Kruger is accused of “receiving a stream of bribes totaling at least $1 million in exchange for taking official actions.” Among the charges in the complaint is that he shared fees paid to the lobbyist, Richard Lipsky, and then took “the very official acts in favor of which Lipsky had been paid to lobby." . . . [T]he detailed 53-page complaint portrays Senator Kruger as a lawmaker who offered a full range of corrupt services in exchange for bribe payments, performing official acts that included sponsoring and supporting legislation, lobbying other elected officials and directing state monies for the benefit of Mr. Lipsky and the lobbyist’s clients.

Kruger allegedly used the money to "bankroll a lavish lifestyle, financing a four-door Bentley Arnage and a $2 million waterfront home originally built for Anthony Casso, a boss of the Lucchese crime family."
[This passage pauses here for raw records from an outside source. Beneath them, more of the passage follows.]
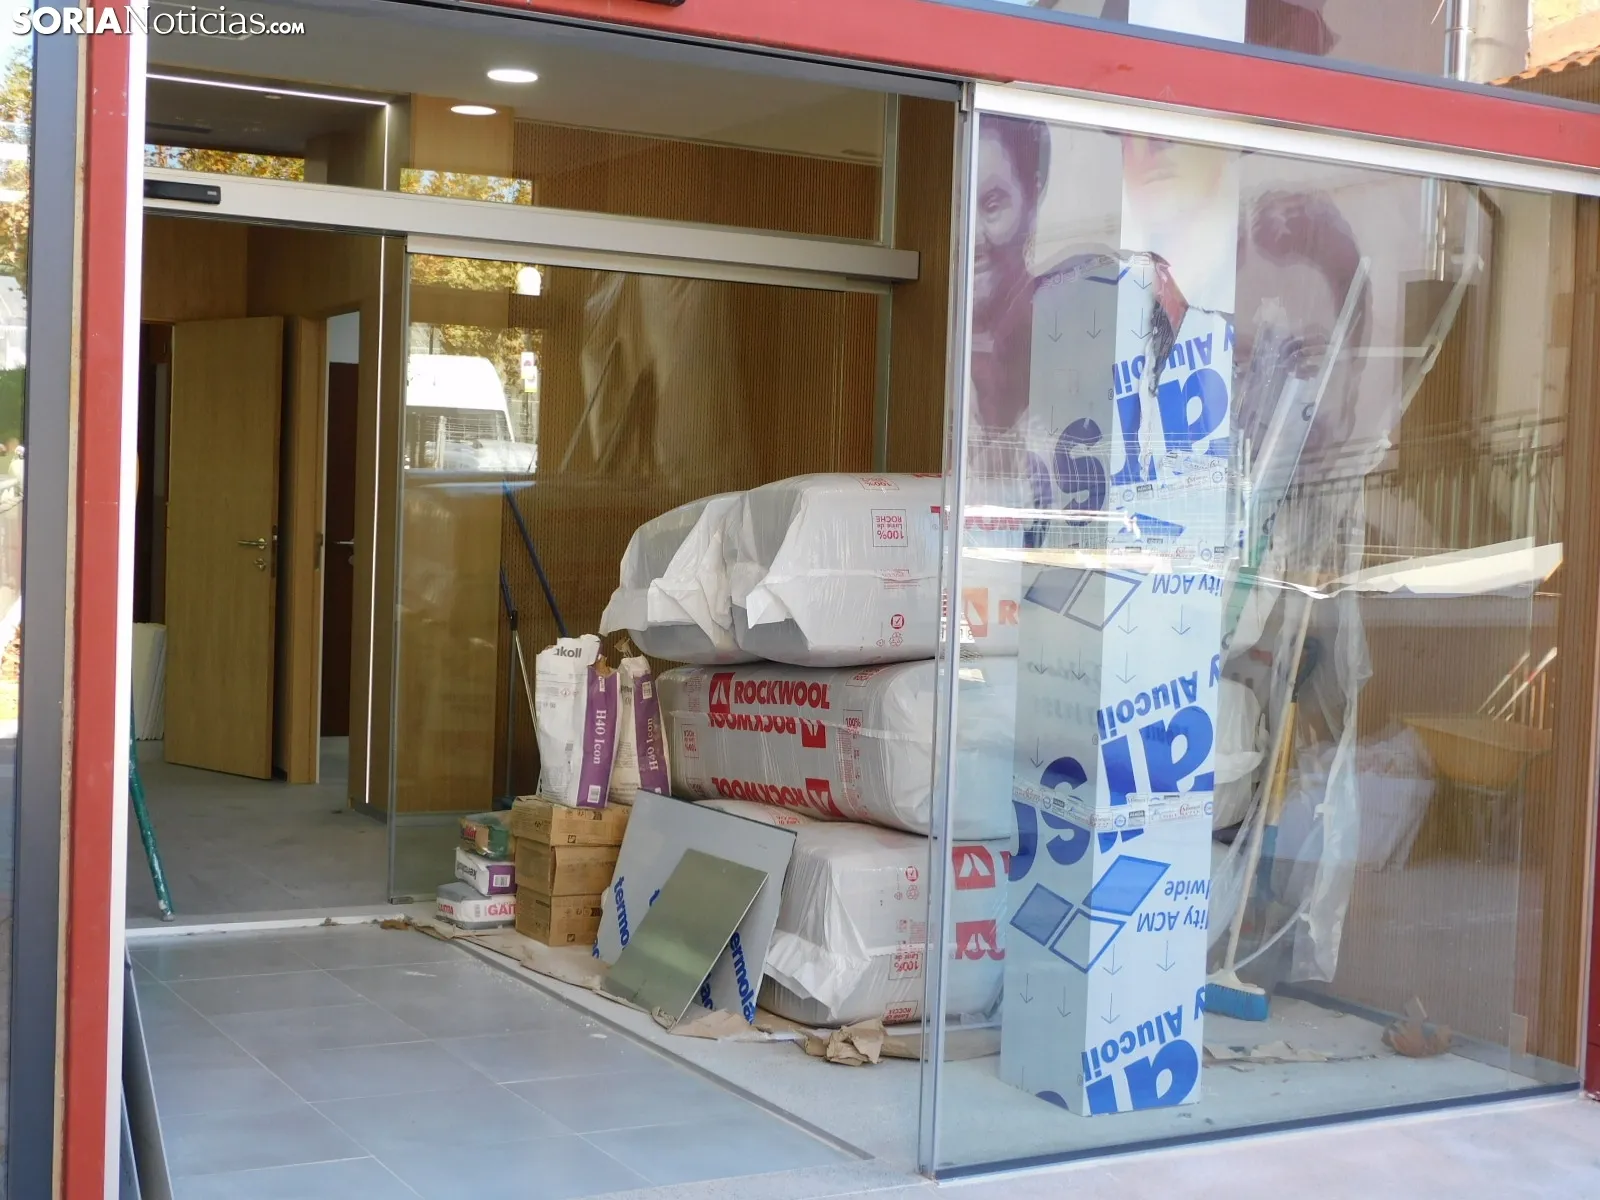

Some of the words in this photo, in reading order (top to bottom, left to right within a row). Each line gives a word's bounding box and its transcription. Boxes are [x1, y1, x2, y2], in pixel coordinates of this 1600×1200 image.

[1111, 332, 1213, 396] Aluoil
[875, 515, 902, 523] ROCHE
[876, 530, 904, 540] 100%
[1152, 573, 1193, 594] ACM
[734, 680, 830, 710] ROCKWOOL
[595, 709, 607, 735] H40
[613, 876, 630, 948] termo
[1136, 911, 1180, 933] ACM
[730, 931, 756, 1024] ermola
On December 20, 2011, Kruger pleaded guilty to two counts of conspiracy to commit mail and wire fraud and two counts of bribery conspiracy. He faced up to 50 years in prison. Michael Turano, a co-conspirator described as Kruger's "secret longtime companion," pleaded guilty to one count of conspiracy to commit bribery and was sentenced to two years in prison.
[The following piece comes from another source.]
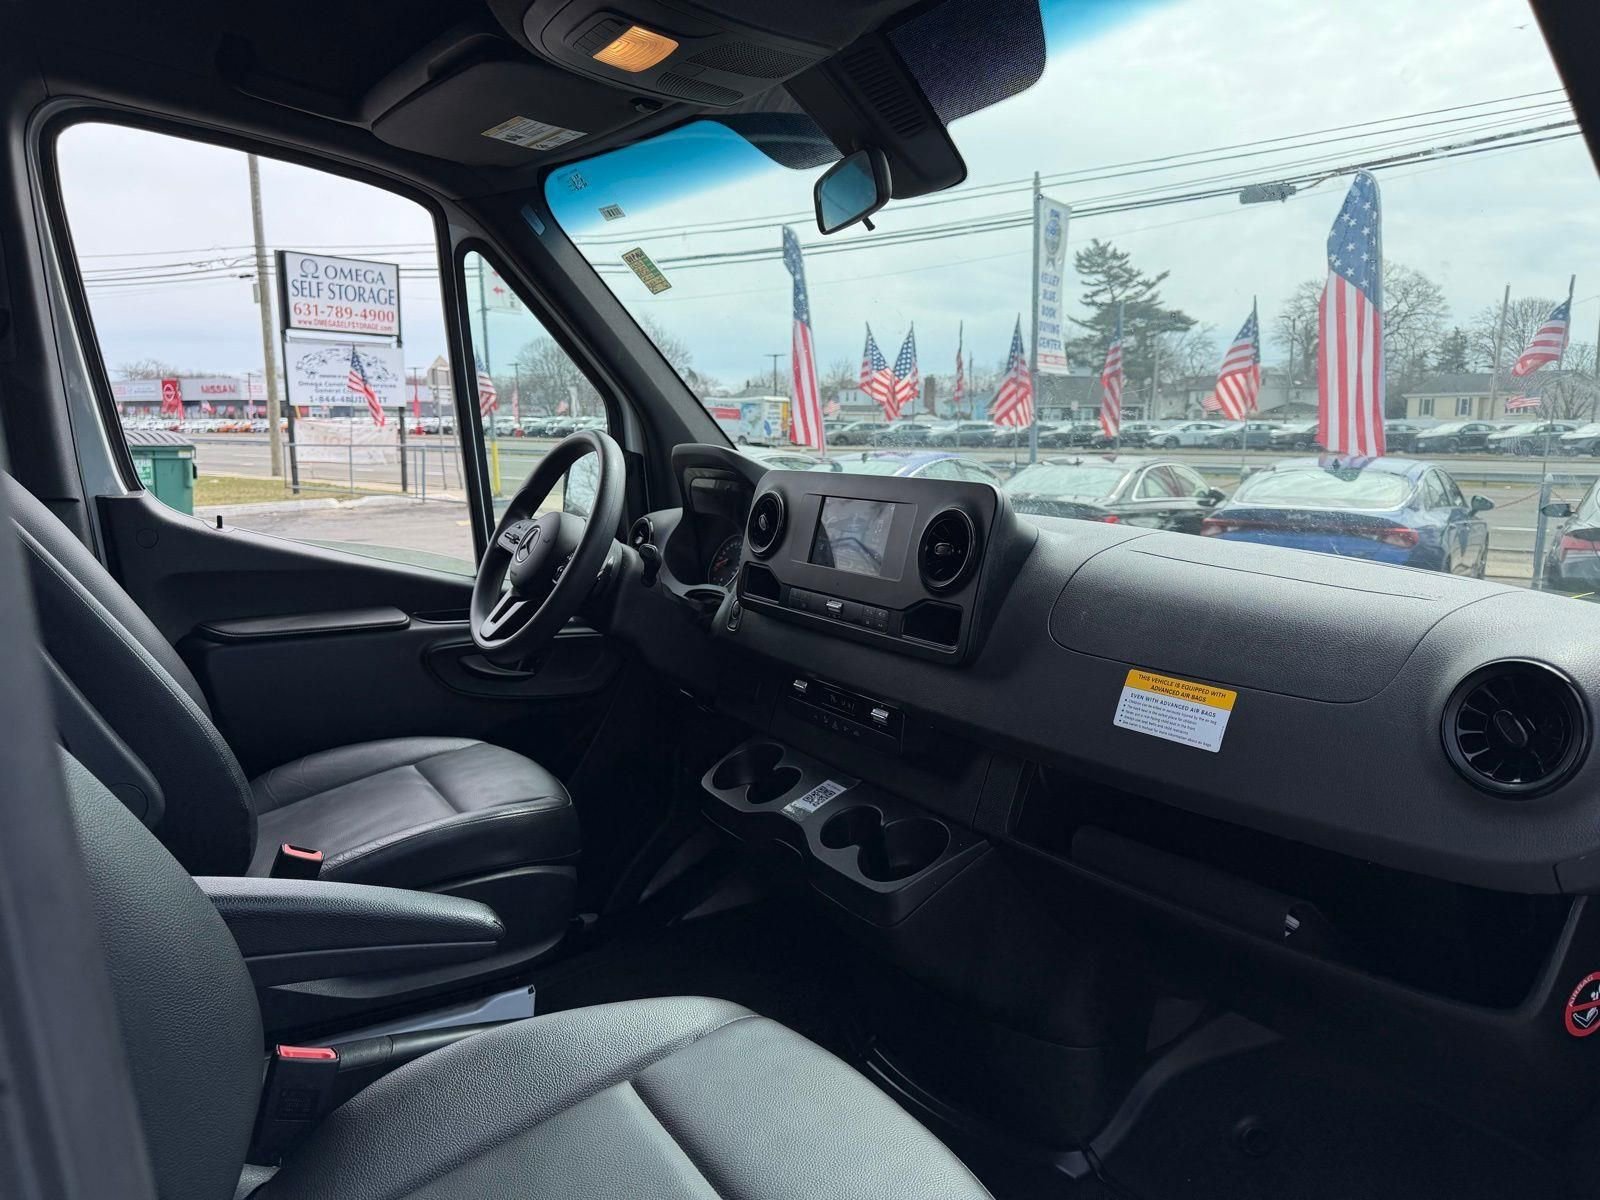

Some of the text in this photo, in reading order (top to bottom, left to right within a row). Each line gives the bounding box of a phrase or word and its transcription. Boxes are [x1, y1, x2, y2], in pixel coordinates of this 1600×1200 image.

On April 26, 2012, Judge Jed S. Rakoff sentenced Kruger to seven years in federal prison.

=== After release ===
The Federal Bureau of Prisons' Inmate Locator lists Kruger as released since August 3, 2018.

In January 2019, a blog covering Brooklyn politics spotted Kruger at a meeting of Community Board 18. The District Manager of the Community Board at the time was Dorothy Turano, who is mother of Kruger's co-conspirator and partner Michael Turano.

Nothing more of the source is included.